[Data items]

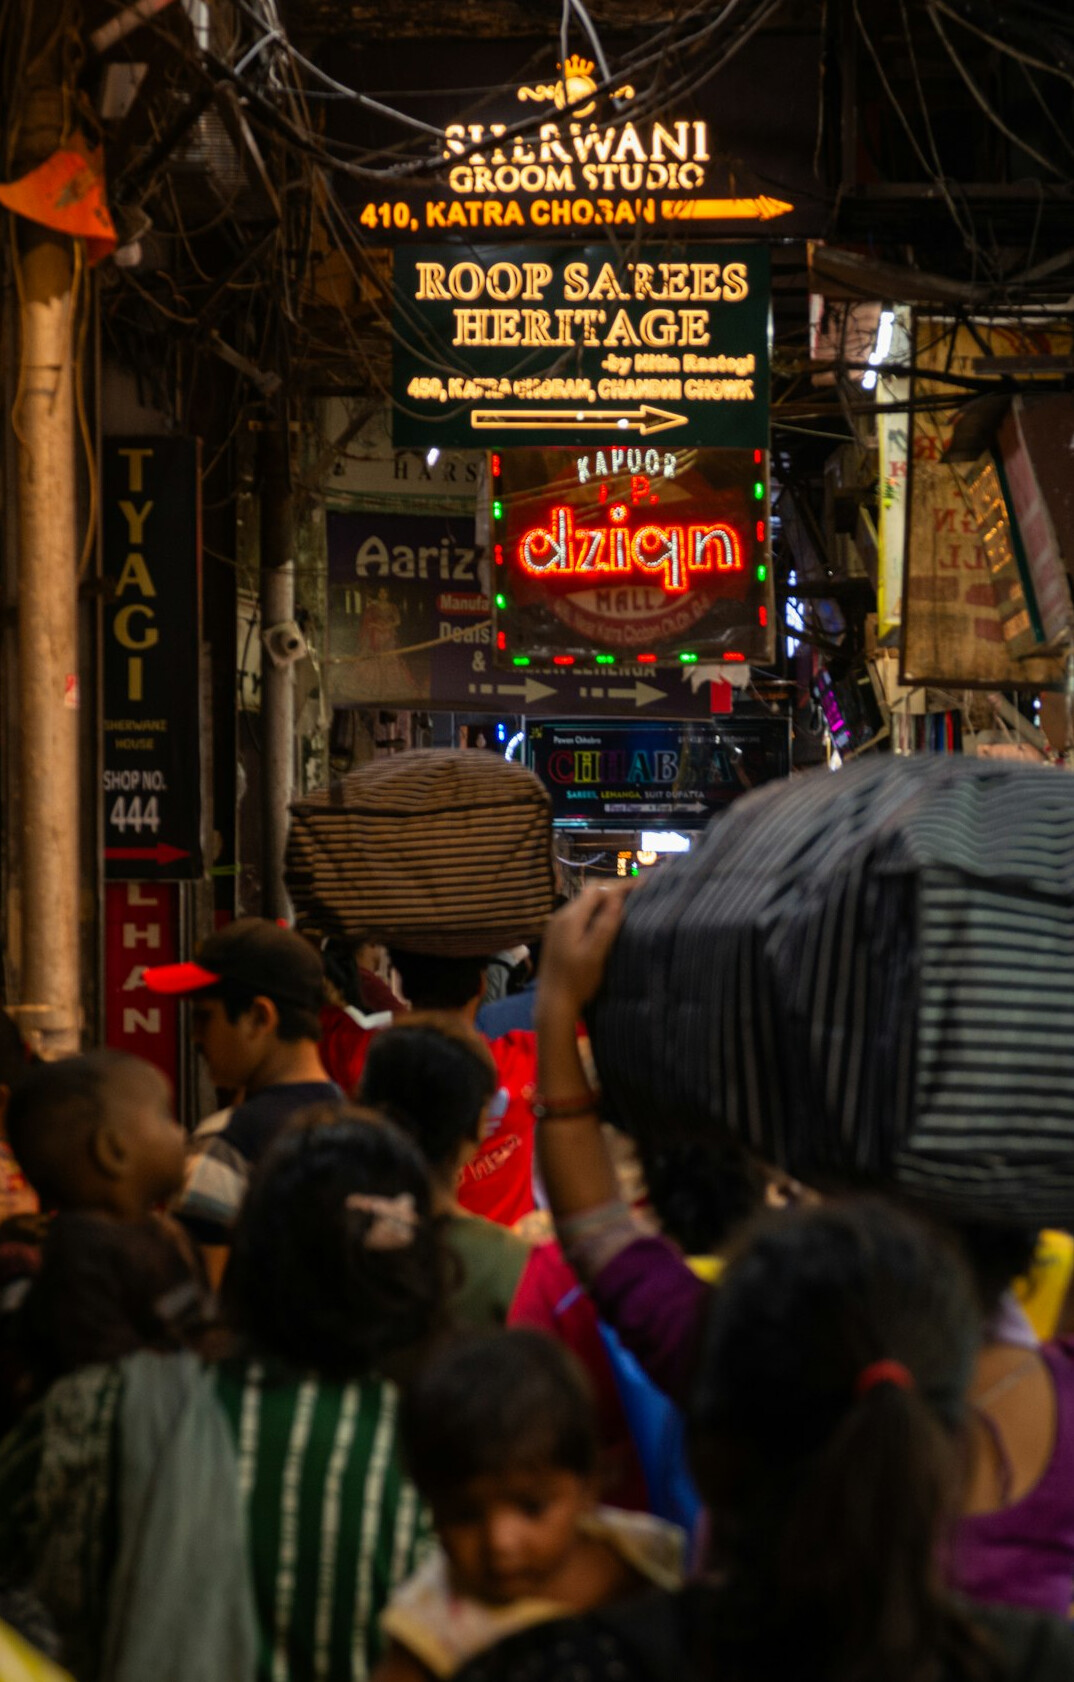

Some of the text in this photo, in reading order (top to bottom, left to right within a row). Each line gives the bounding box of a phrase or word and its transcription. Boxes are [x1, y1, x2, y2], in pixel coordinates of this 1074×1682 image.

[449, 162, 705, 194] GROOM STUDIO
[359, 202, 419, 232] 410,
[426, 200, 526, 227] KATRA
[414, 261, 750, 303] ROOP SAREES
[451, 308, 712, 347] HERITAGE
[598, 378, 682, 399] CHANDNI
[684, 378, 754, 399] CHOWK
[355, 534, 476, 582] Aariz
[112, 447, 160, 702] TYAGI
[472, 650, 486, 672] &
[115, 737, 155, 751] HOUSE
[103, 769, 168, 792] SHOP NO.
[109, 794, 162, 835] 444
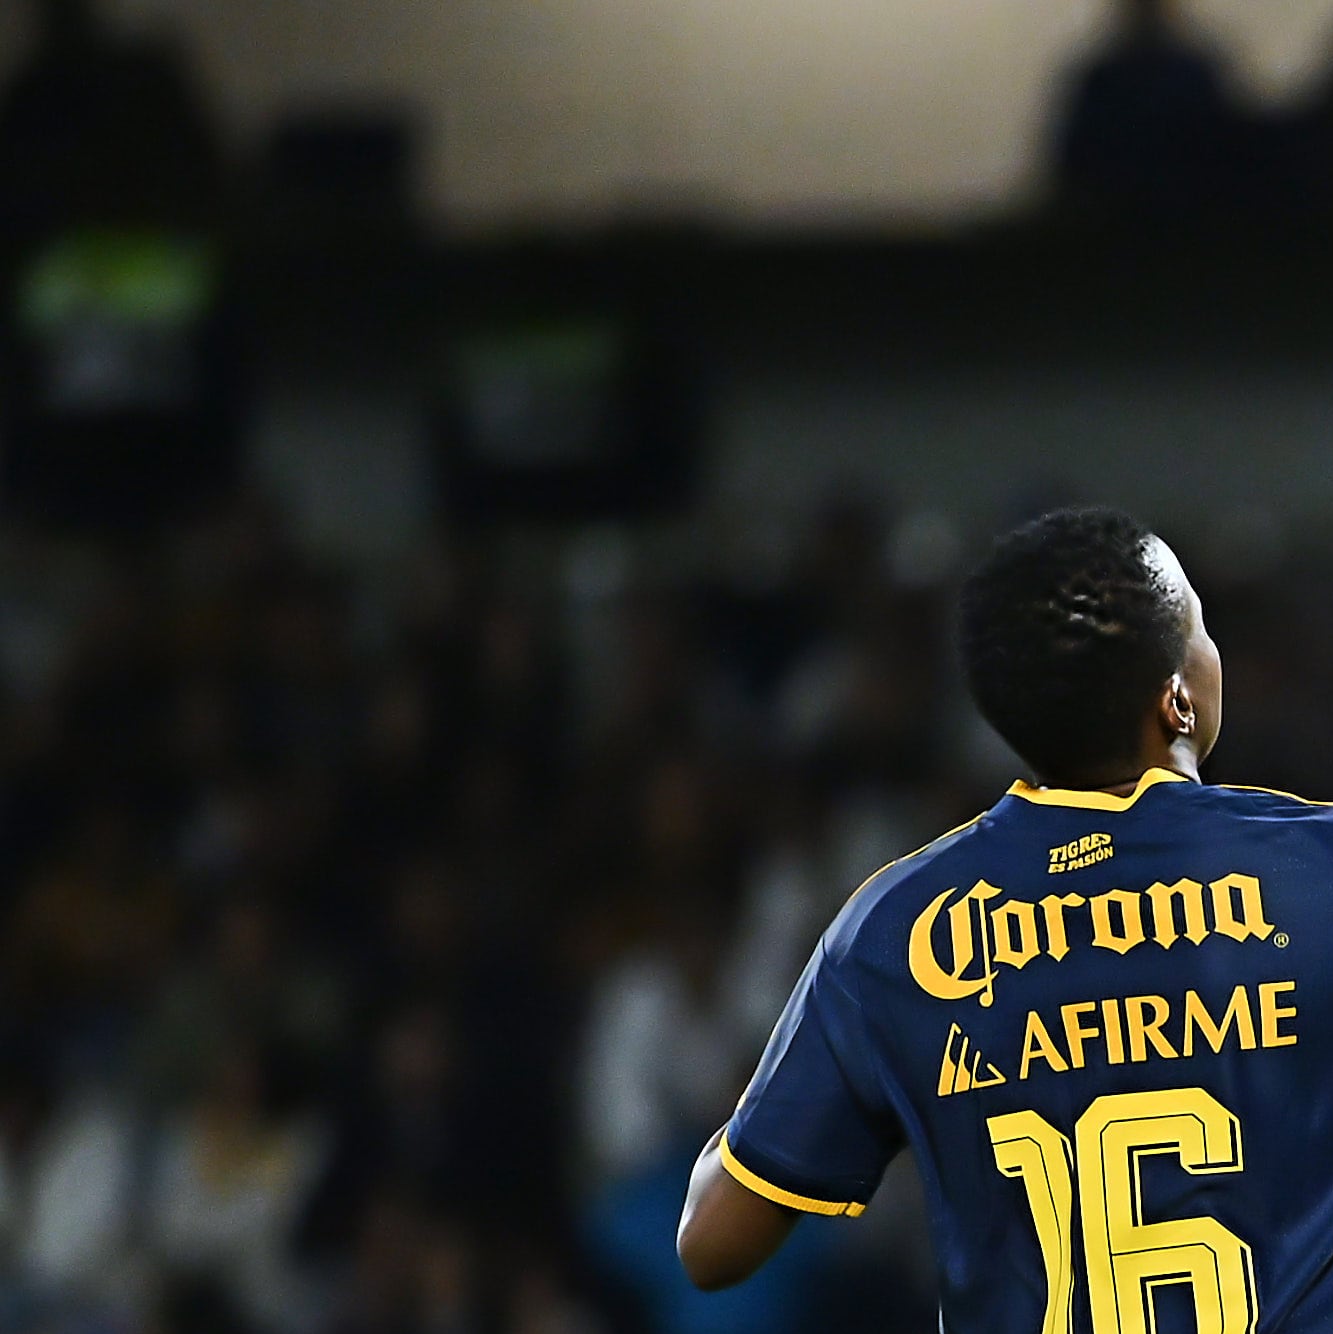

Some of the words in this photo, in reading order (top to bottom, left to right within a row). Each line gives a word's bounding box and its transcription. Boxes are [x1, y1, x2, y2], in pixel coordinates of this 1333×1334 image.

[1047, 863, 1066, 874] ES
[1049, 833, 1112, 863] TIGRES
[908, 872, 1276, 1007] Corona
[1018, 981, 1298, 1080] AFIRME
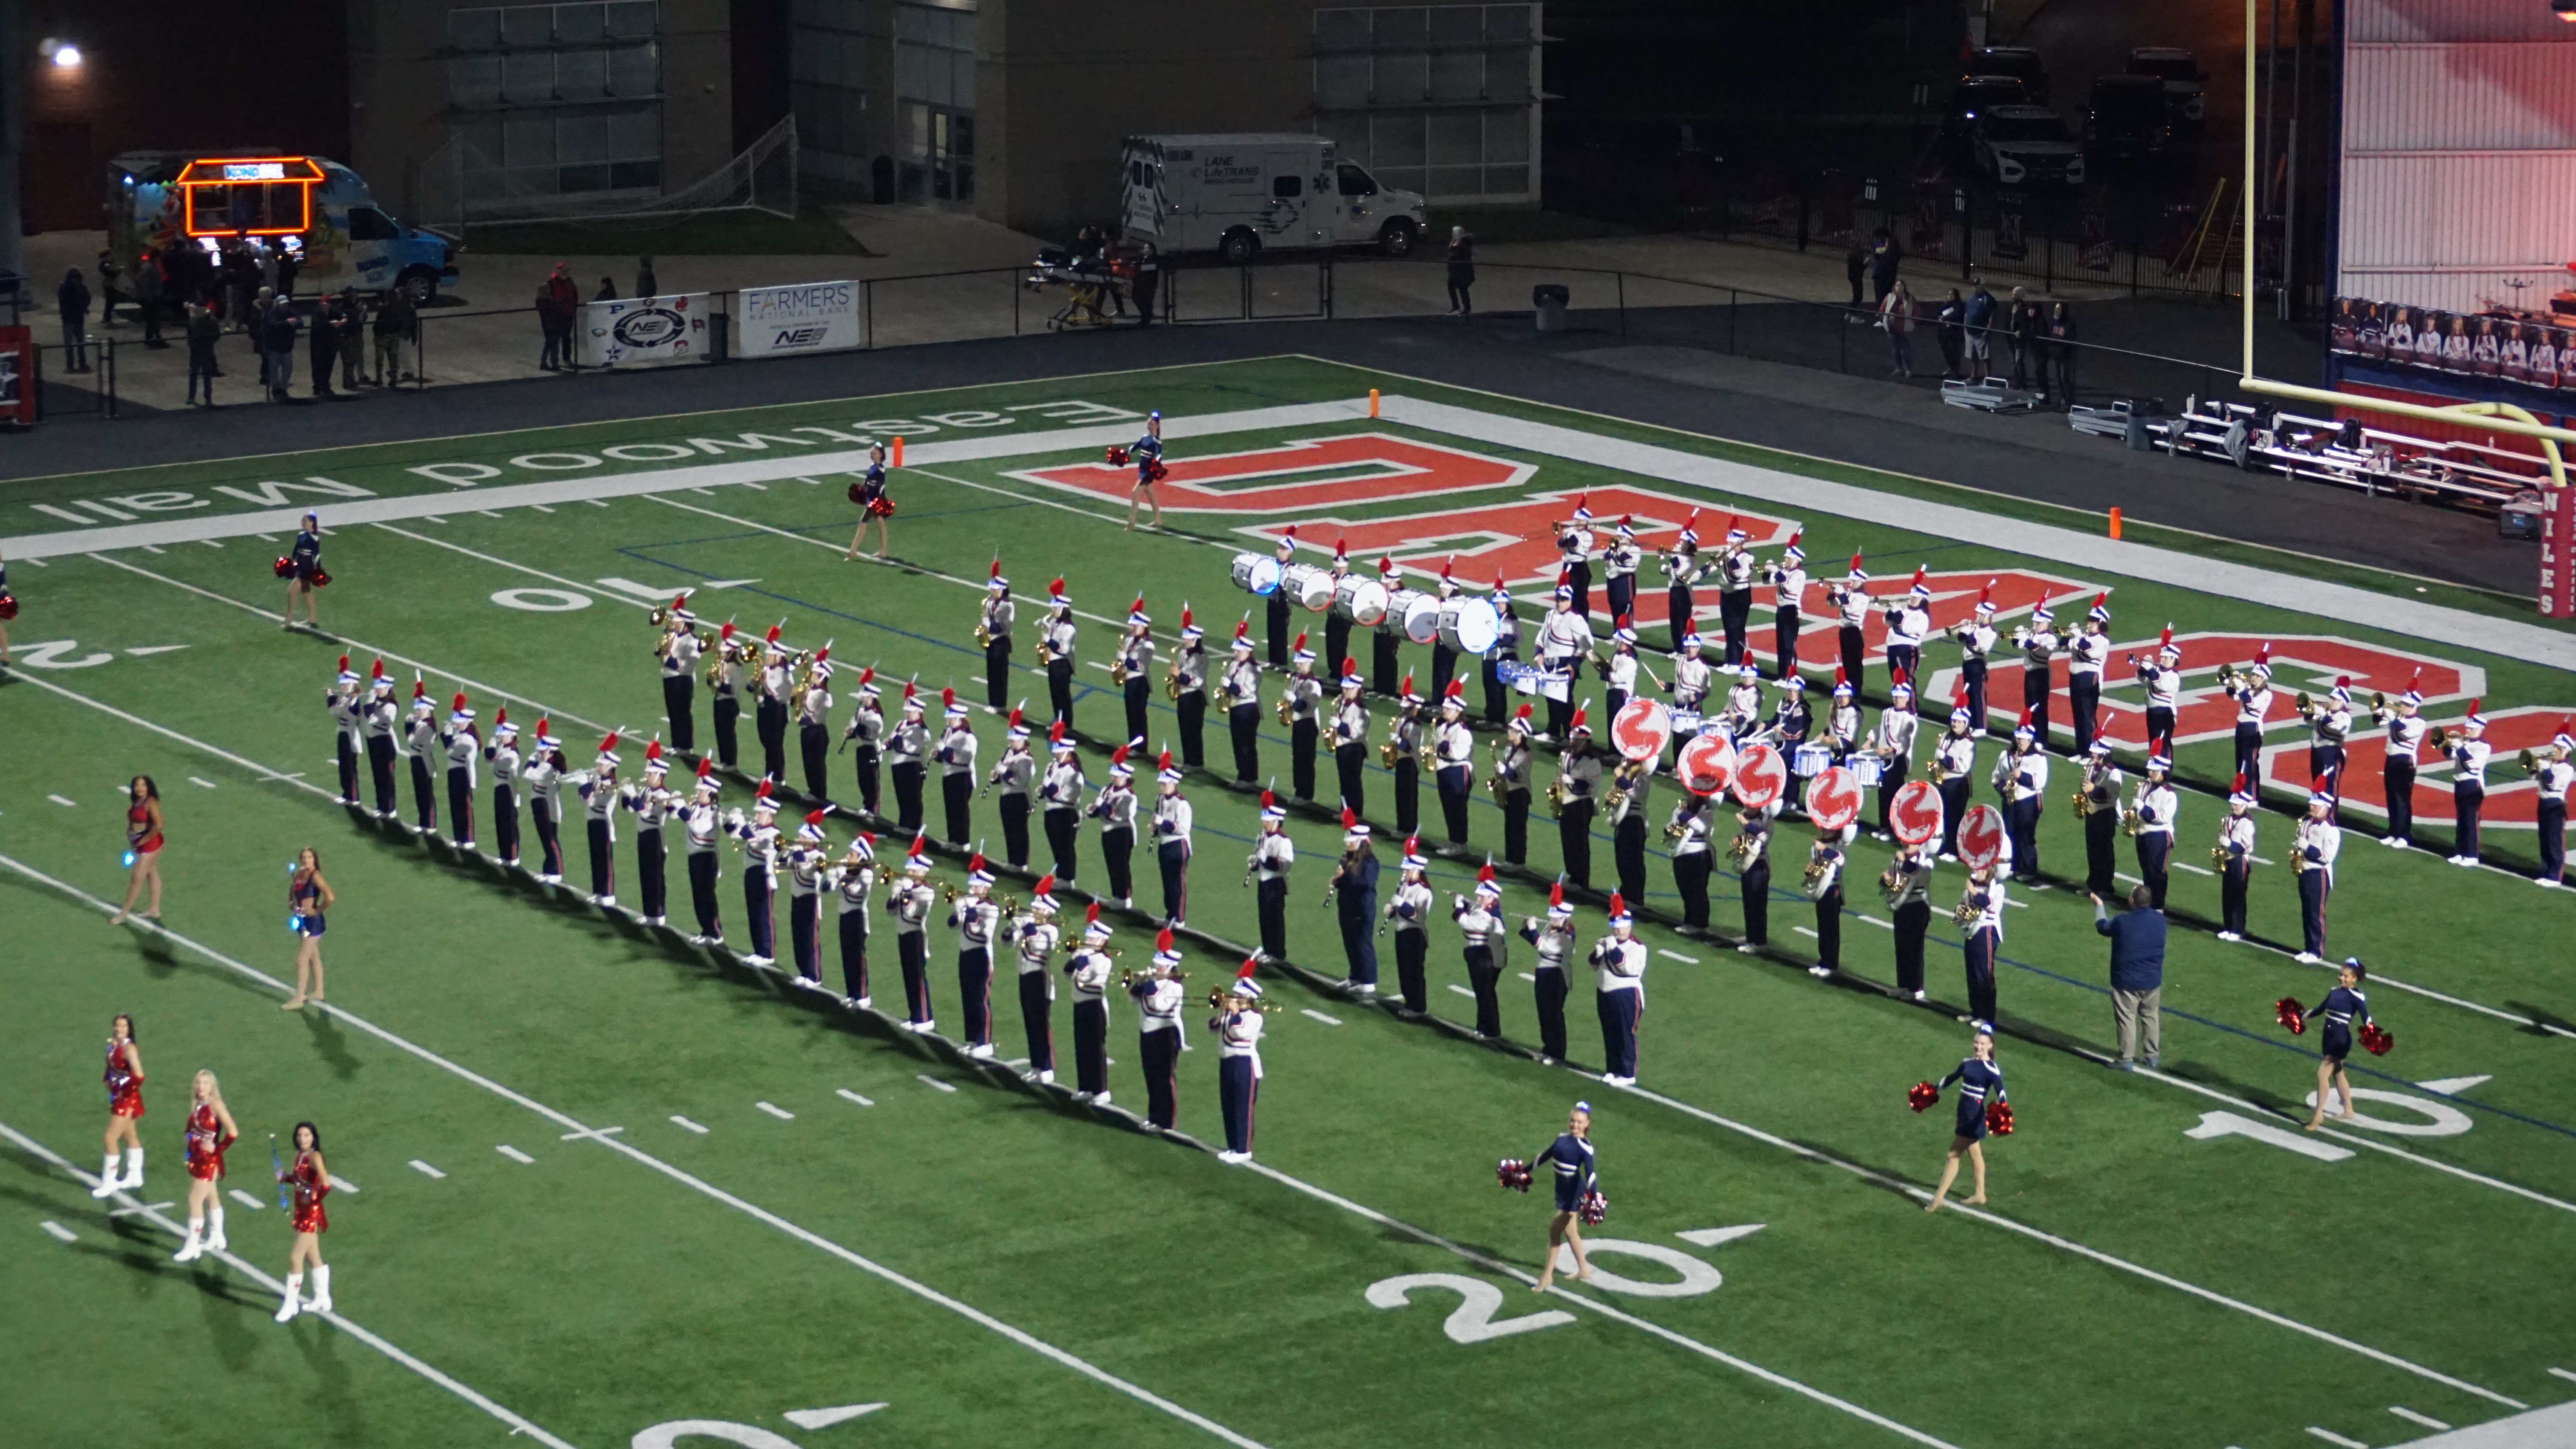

◆ Exercise description ◆
From the line that contains "Some of the words" to the final line of the entries, reproduce every line exactly, both ends included. Leave out all pictures.

◆ Result below ◆
Some of the words in this photo, in reading order (top to bottom, left to right within a row). Each line gives a word's bounding box and its transcription. Boxes are [x1, y1, x2, y2], in pixel coordinates of this 1333×1334 image.

[1047, 863, 1066, 874] ES
[1049, 833, 1112, 863] TIGRES
[908, 872, 1276, 1007] Corona
[1018, 981, 1298, 1080] AFIRME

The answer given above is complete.